Equality for women, or so the story goes, was achieved with the sexual revolution. When the pill hit in the sixties, it leveled the playing field by giving women a victory over their reproductive systems. At least, so they thought. Now, women could behave as promiscuously as men without being “punished with a baby.”
If in fact this were true, young women today should be living in feminism’s promised land. We have arrived in a world where hook-ups are the norm, at least on most college campuses. However, life is not better for women. In fact, a new study shows it is much worse.
Romantic relationships are becoming more difficult for women to navigate and young couples are putting off marrying until much later.
In spite of the epidemic of young men failing by “all social indicators,” as the video above put it, to adjust to adulthood, males are now in the driver’s seat of the premarital relationship. Before the sexual revolution, however, women determined the course of the relationship. The average woman sought a relationship with the ultimate goal of securing a lifetime mate, not a one-night workout. Her sexual response tended to go hand-in-hand with the depth of the commitment of the relationship. In the hook-up culture that is no longer the case.
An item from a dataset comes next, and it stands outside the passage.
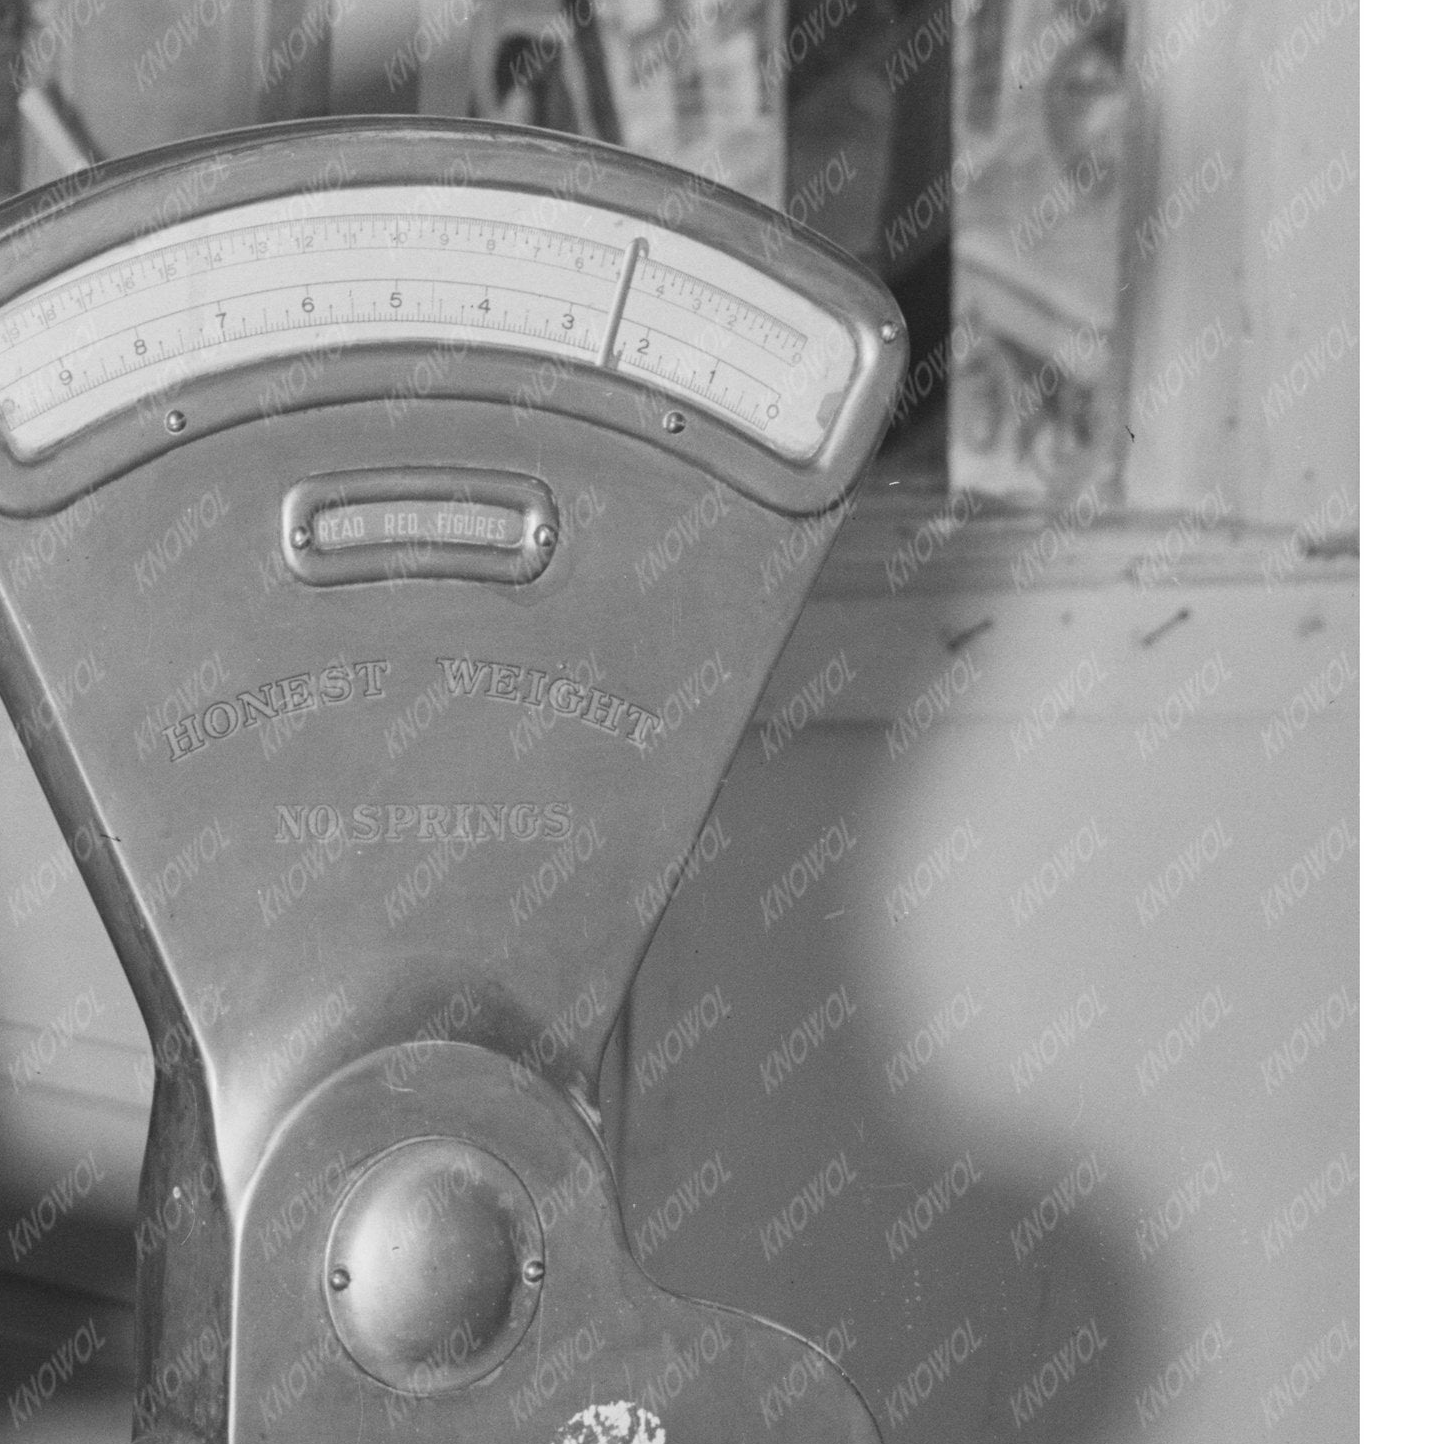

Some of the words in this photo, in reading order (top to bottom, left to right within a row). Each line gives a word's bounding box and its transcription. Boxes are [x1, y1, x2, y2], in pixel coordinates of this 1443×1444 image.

The Austin Institute has put out a video explaining the courtship and mating habits of young people in the economic terms of supply and demand. The AI theory is that it is a matter of basic economics.
There are far too many women flooding the dating market with easy sex, thus driving the value down. A sexual encounter no longer costs a man much more than a few drinks or a couple nights out. In order to recover the market, women need to collectively agree to hold out for more.
Interesting, but oversimplified. This still assumes that women are in fact the same as men sexually — a mutual trade for equal goods. In spite of the popular cultural narrative, this is simply not true and the results have been destructive to women for generations. This theory must ignore science and keep hidden one fact about a woman’s body no one wants to talk about — even in college.
When you have educated women begging Congress for birth control, and prostituting themselves for tuition, it’s time for parents to have a frank and honest talk about the birds and the bees. But first let’s examine the environmental impact of the mating habits of college students.
In economic terms, according to AI, on the surface both males and females are giving and receiving the same thing– physical access to one another. If in fact men and women are the same, a hook-up is nothing more than an exchange of commodities. So where’s the problem?
We can use the emergence of pesticides as an example. At first, pesticides gave us an abundance of food. As time wore on, we found that there is a price to pay. We are just now realizing that along with the “pests,” we are killing the bees. Of course this is just one repercussion. No one thought about a world without bees when we were dreaming of a land without hunger. Obviously all life would be drastically altered without bees to pollinate.
The same could be said for the birth control pill. At first, eliminating unwanted consequences of nature seems like an open door to utopia.
The study concludes that the pill drove down the price of intimacy. To fix the economy of sex, women need to collectively put a higher price on sex through things such as commitment and marriage.
Although the study affirms that men and women do have different expectations from a sexual relationship, it doesn’t address why. As with the disappearing bees, we are courting disaster if we continue to ignore the reality of the laws of nature.
What professors refuse to tell your daughter is that she is designed to bond and to procreate — beliefs or behavior will not change her biological makeup. From Unprotected, by Miriam Grossman:
Neuroscientists have discovered that specific brain cells and chemicals are involved in attachment. The chemical [women] need to know about is called oxytocin. It’s a hormone, a messenger from one organ to another, with specific tasks…it’s sent from the brain to the uterus and breasts, to induce labor and let down milk.
The author of Unprotected, a college psychologist, also notes that oxytocin is also released during sex. That powerful hormone, which compels a woman to devote every waking hour to the needs of a newborn, is unleashed within her while hooking up with a casual acquaintance — a prospective recipient with the least interest in her devotion, and no intentions of bonding.
Ignoring this aspect of a woman’s makeup is devastating to her physically and psychologically. Pretending that sex between a man and a woman is isolated from the creation of a family and the stability of the culture is as foolish and destructive as eradicating bees from the environment. Both tear holes in the fabric of nature that cannot be repaired by anything manufactured by man.